From a nonbusiness standpoint, RTO should be defined at a component level (for example, SQL Server) as well as for the entire application architecture. The ability to recover from an outage is only as good as its weakest link. For example, if SQL Server and its databases can be brought online in five minutes but it takes application servers 20 minutes to do the same, the overall RTO would be 20 minutes, not five. The SQL Server environment could still have an RTO of five minutes; it still will not change the overall time to recover.
RPO deals specifically with data and directly influences the design of any HADR solution as well as administrative policies and procedures.

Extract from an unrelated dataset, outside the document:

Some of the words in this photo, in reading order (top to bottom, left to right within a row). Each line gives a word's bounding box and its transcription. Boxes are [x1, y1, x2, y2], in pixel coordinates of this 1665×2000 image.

The features used must support both the RTO and RPOs that are defined. For example, if transaction log back ups are scheduled every 30 minutes but there is a 15-minute RPO, a database could only be recovered to the last transaction log backup available which in the worst case would be 30 minutes ago. This timing assumes no other issues and the backups have been tested and are known to be good. While it is hard to test every backup generated for each database in your environment, backups are just files on a file system. Without doing at least periodic restores, there is no guarantee they're good. Running checks during the backup process can give you some degree of confidence.
The specific features used, such as an Always On Availability Group (AG) or an Always On Failover Cluster Instance (FCI) will also affect your RTOs and RPOs. Depending on how the features are configured, IaaS or PaaS solutions may or may not automatically fail over to another location, which could result in longer downtime. By defining RTO and RPO, the technical solution that supports that requirement can be designed knowing the allowances for time and data loss. If those wind-up being unrealistic, RTOs and RPOs must be adjusted accordingly. For example, if there is a desired RTO of two hours but a backup will take three hours to copy to the destination server for restoring, the RTO is already missed. These types of factors must be accounted for when determining your RTOs and RPOs.

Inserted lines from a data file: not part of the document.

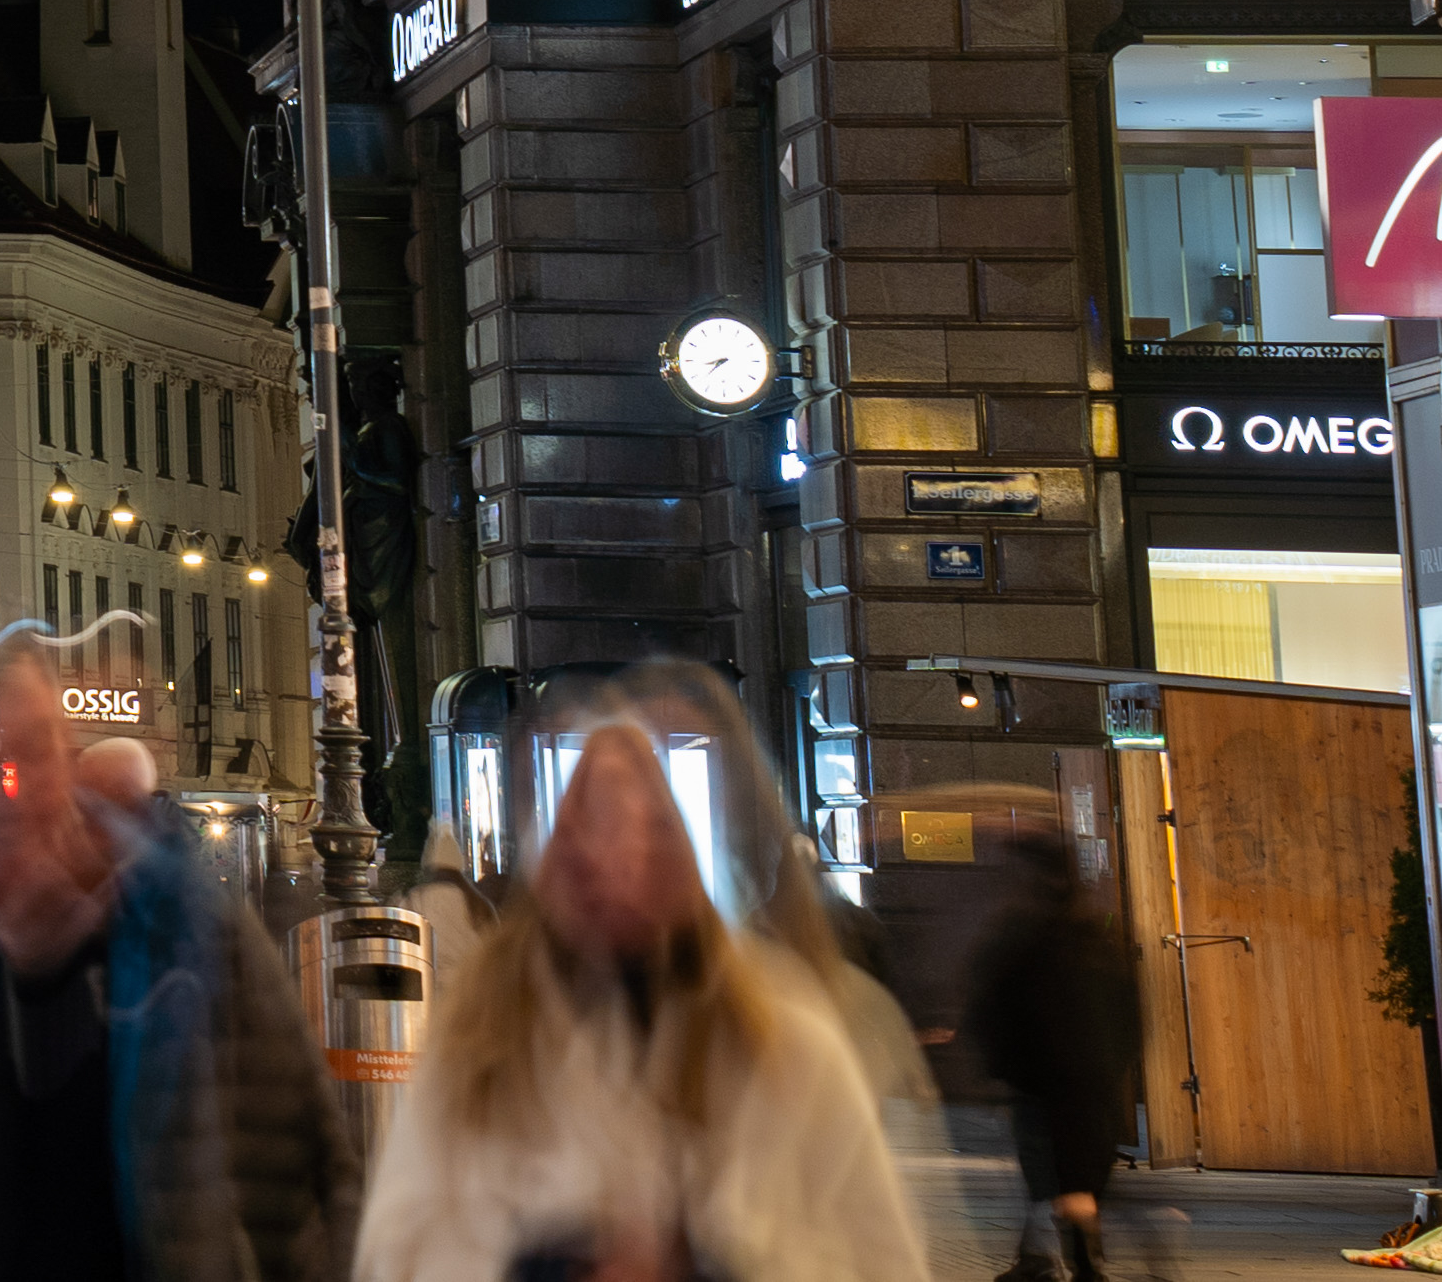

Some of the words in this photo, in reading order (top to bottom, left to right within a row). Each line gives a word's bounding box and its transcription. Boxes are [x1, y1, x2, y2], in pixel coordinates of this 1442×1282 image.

[947, 546, 963, 566] 1
[62, 687, 140, 714] OSSIG
[64, 711, 100, 721] hairstyle
[101, 712, 109, 721] &
[110, 713, 139, 723] beauty
[372, 1069, 394, 1080] 546
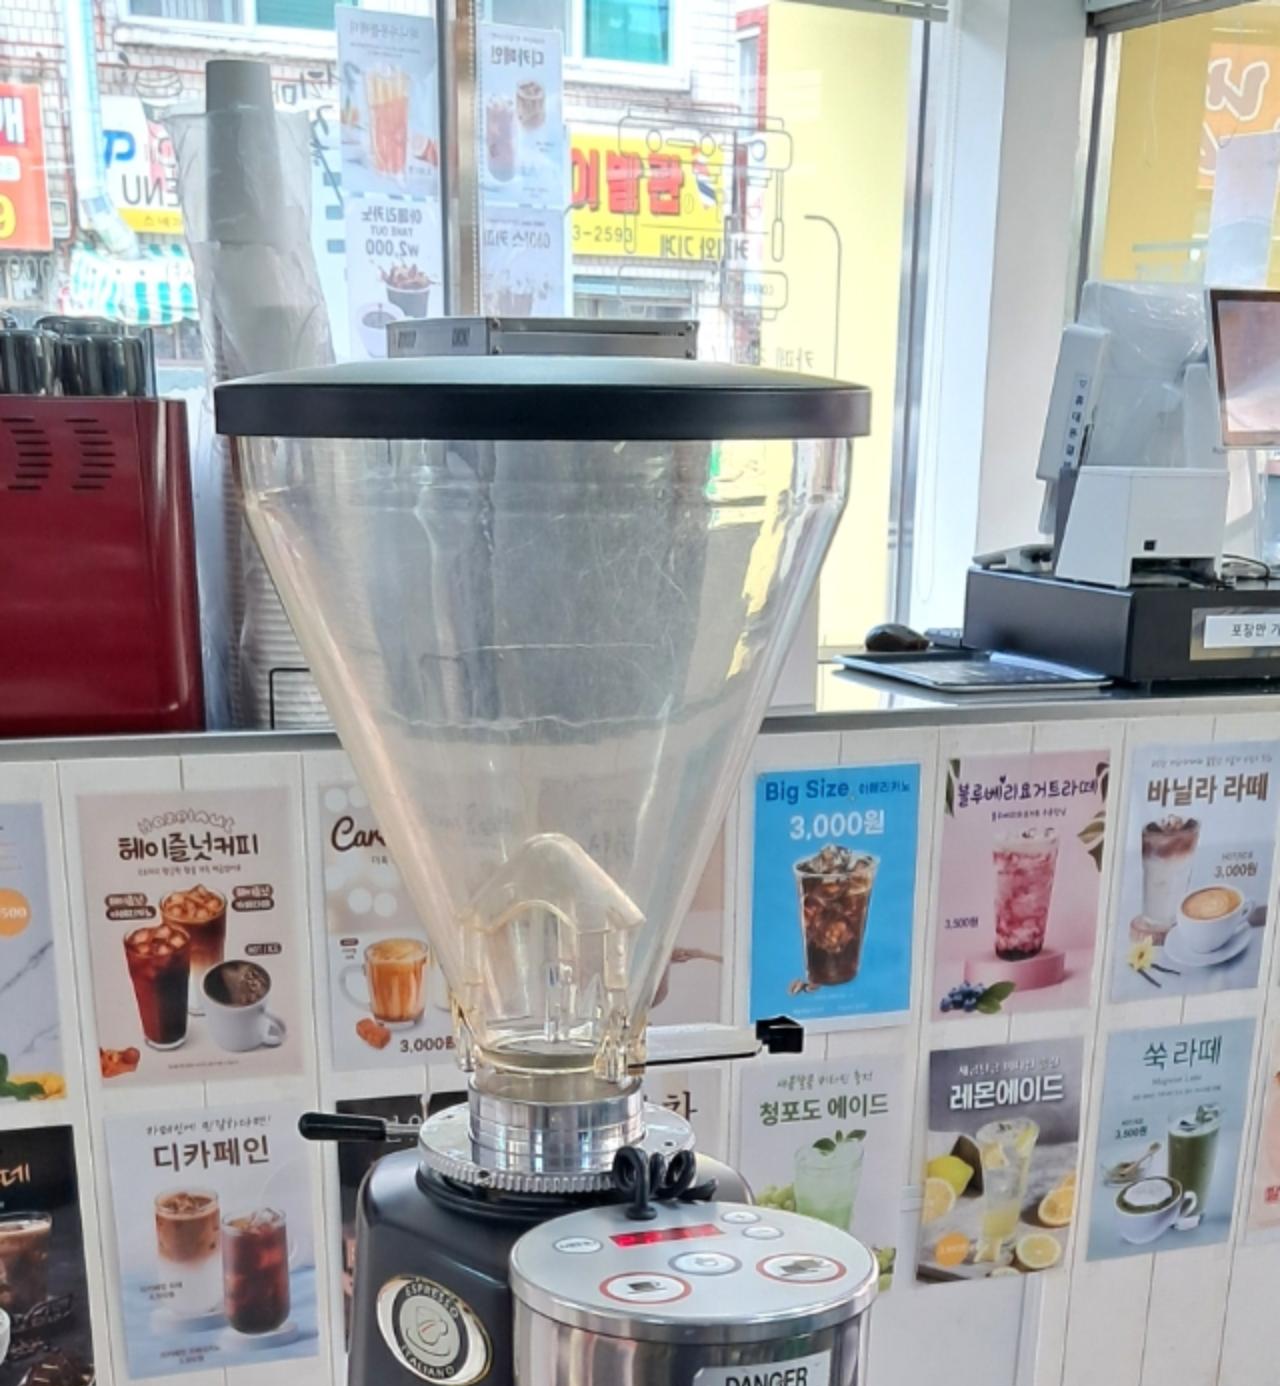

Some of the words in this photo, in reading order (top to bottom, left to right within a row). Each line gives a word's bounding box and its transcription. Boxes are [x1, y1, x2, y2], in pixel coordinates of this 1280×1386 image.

There should be RTOs and RPOs defined for both HA and DR. HA is considered a more localized event that can be recovered from more easily. One example of high availability would be an AG automatically failing over from one replica to another within an Azure region. That may take seconds, and at that point, you would need to ensure that the application can connect after the failovers. SQL Server’s downtime would be minimal. A local RTO or RPO may potentially be measured in minutes depending on the critical nature of the solution or system.
DR would be akin to bringing up a whole new data center. There are lots of pieces to the puzzle; SQL Server is just one component. Getting everything online may take hours or longer. This is why the RTOs and RPOs are separate. Even if many the technologies and features used for HA and DR are the same, the level of effort and time involved may not be.
All RTOs and RPOs should be formally documented and revised periodically or as needed. Once they're documented, you can then consider what technologies and features you may use for the architecture.